Generation Zero est le dernier FPS du studio Avalanche (Just Cause, The Hunter et prochainement RAGE 2) : entièrement jouable en coopération, celui-ci vous propose de parcourir à plusieurs un monde ouvert illustrant une Suède post-apocalyptique ravagée par des robots. Ambiance 80’s, machines tueuses, paysages bucoliques et multijoueur, un programme alléchant sur le papier qu’Avalanche s’est en réalité acharné à démolir point par point en livrant un jeu totalement vide de sens et de contenu.

Horizon zéro

Une introduction pour le moins austère

Generation Zero démarre sur un texte d’exposition très sérieux : après la seconde Guerre Mondiale, la Suède a décidé de tout miser sur la défense de ses frontières et de sa population. Résultat, hommes, femmes et enfants savent manier les armes et sont aptes au combat, prêts à se défendre face à une éventuelle invasion soviétique. Le jeu se déroule en 1989, juste après la chute du mur de Berlin, alors que les joueurs (incarnant des adolescents/jeunes adultes) se réveillent seuls sur une plage suédoise après que leur bateau ait été coulé par un ennemi inconnu.
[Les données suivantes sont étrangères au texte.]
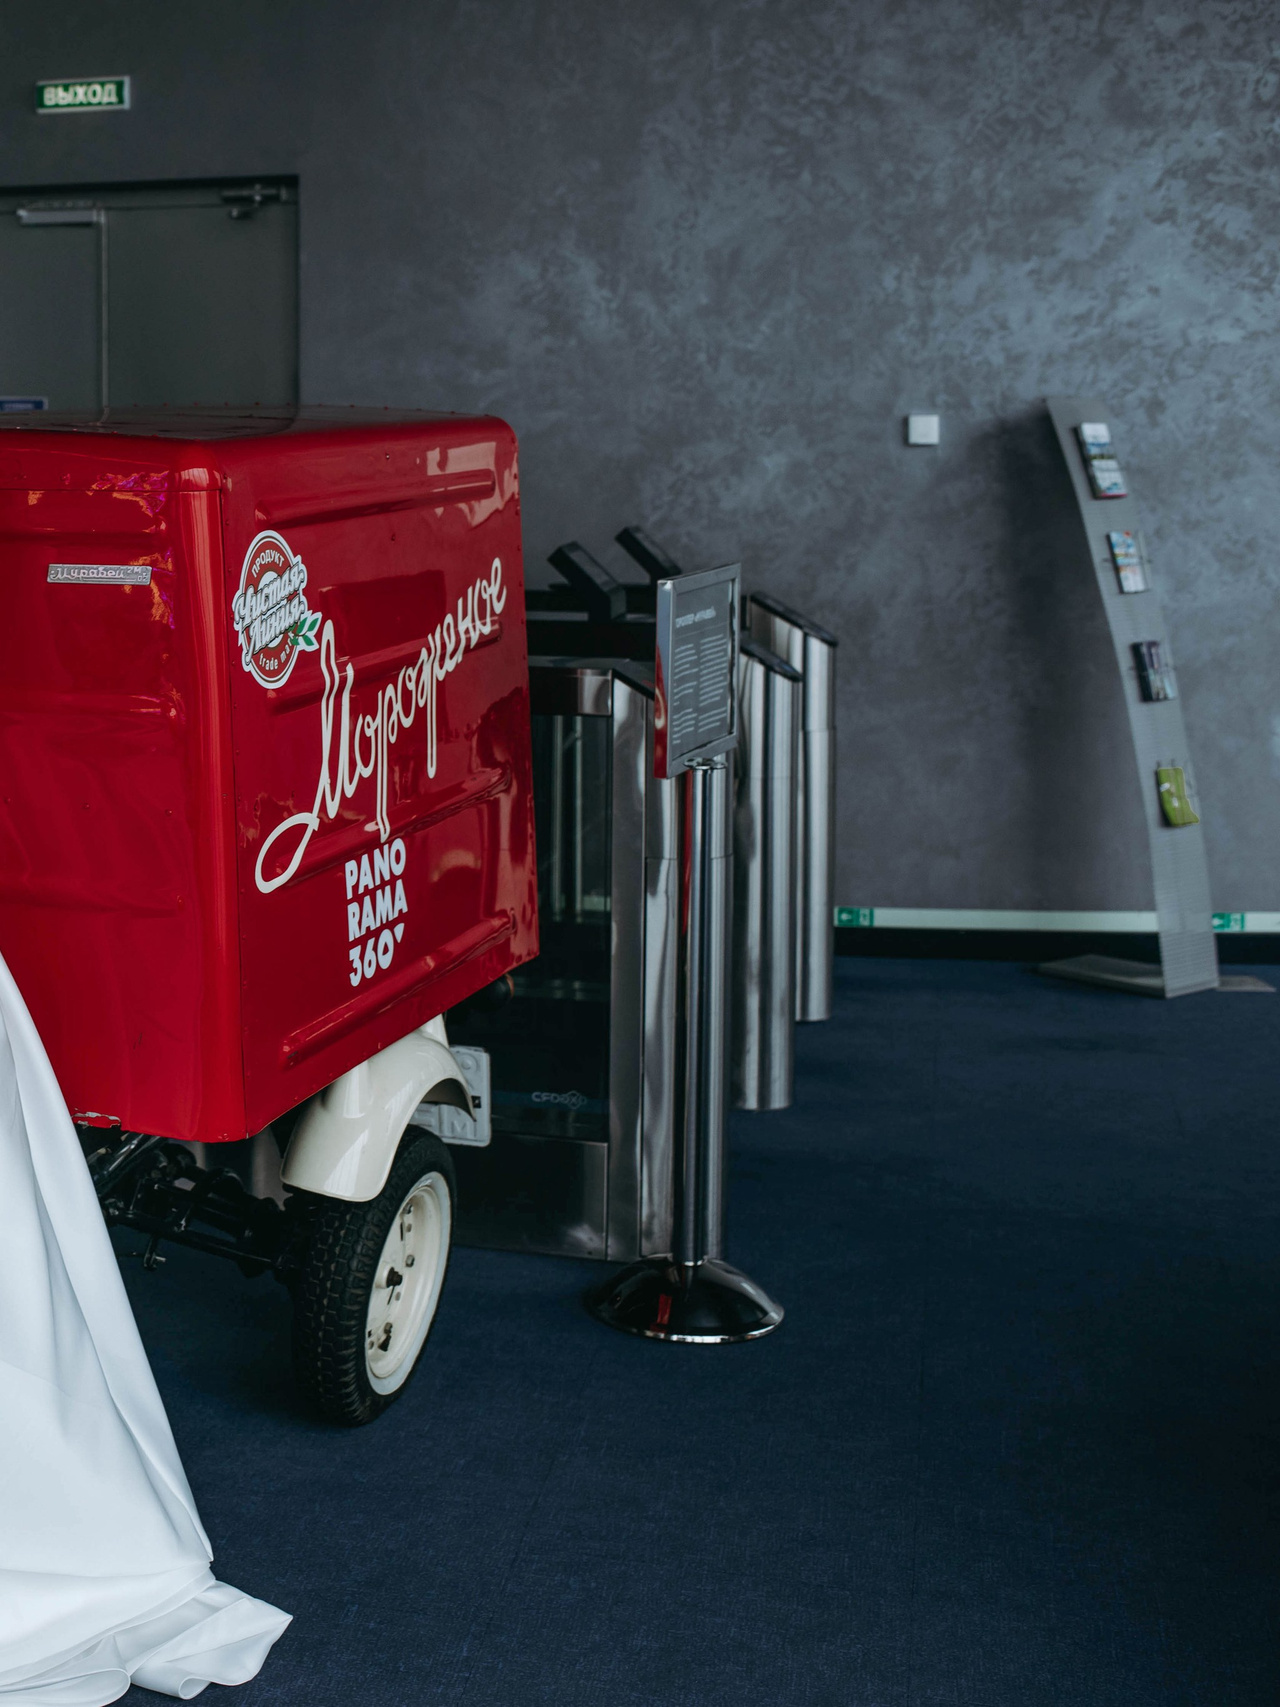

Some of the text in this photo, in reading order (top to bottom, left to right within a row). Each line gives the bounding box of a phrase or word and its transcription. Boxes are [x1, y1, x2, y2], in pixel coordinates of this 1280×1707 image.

[43, 83, 119, 106] ВЫХОД
[234, 561, 305, 628] Чистая
[251, 549, 285, 578] ПРОДУКТ
[244, 597, 305, 665] Линия
[259, 653, 279, 670] trade
[254, 557, 508, 894] Мороженое
[345, 838, 406, 900] PANO
[347, 879, 408, 942] RAMA
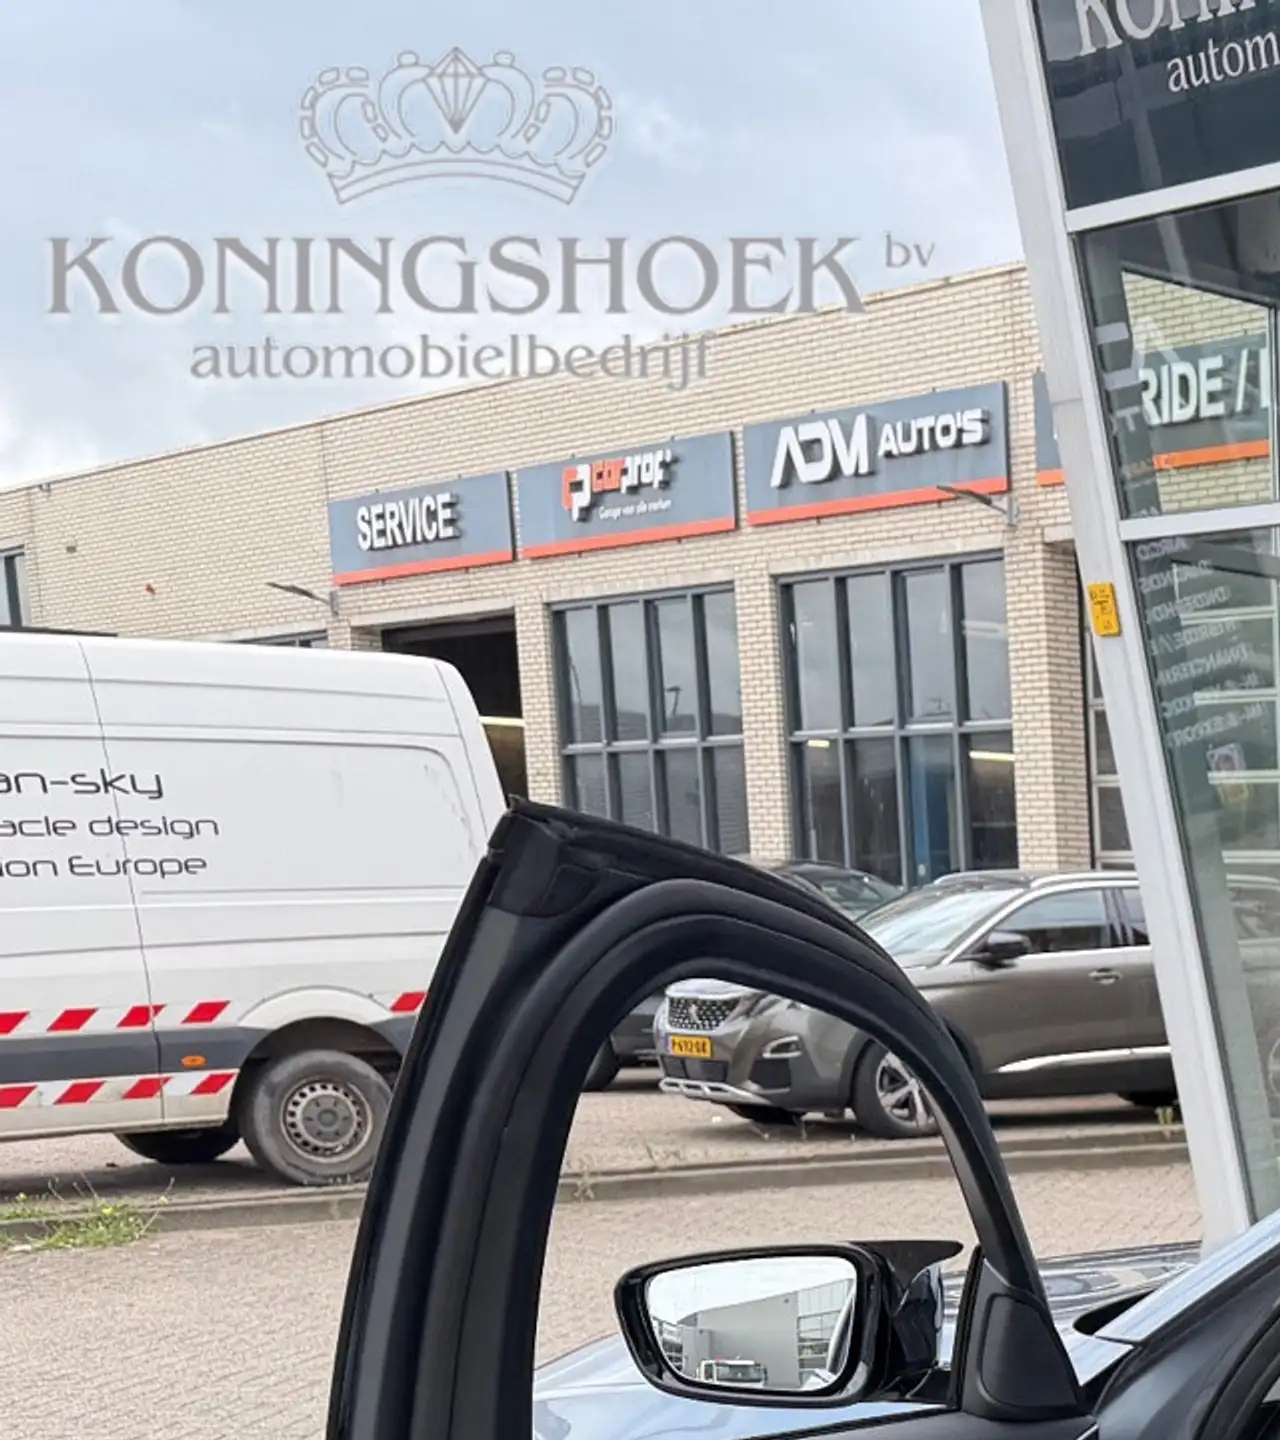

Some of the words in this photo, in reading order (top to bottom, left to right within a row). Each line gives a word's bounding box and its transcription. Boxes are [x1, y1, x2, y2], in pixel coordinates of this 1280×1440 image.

Très vite, ils s’aperçoivent que les habitations, les rues et les magasins sont vides et tout le monde semble avoir pris la poudre d’escampette. Enfin, presque tout le monde, car des robots tueurs ont pris possession des lieux et nos personnages devront dès lors faire la lumière sur la situation et résoudre des mystères mystérieux.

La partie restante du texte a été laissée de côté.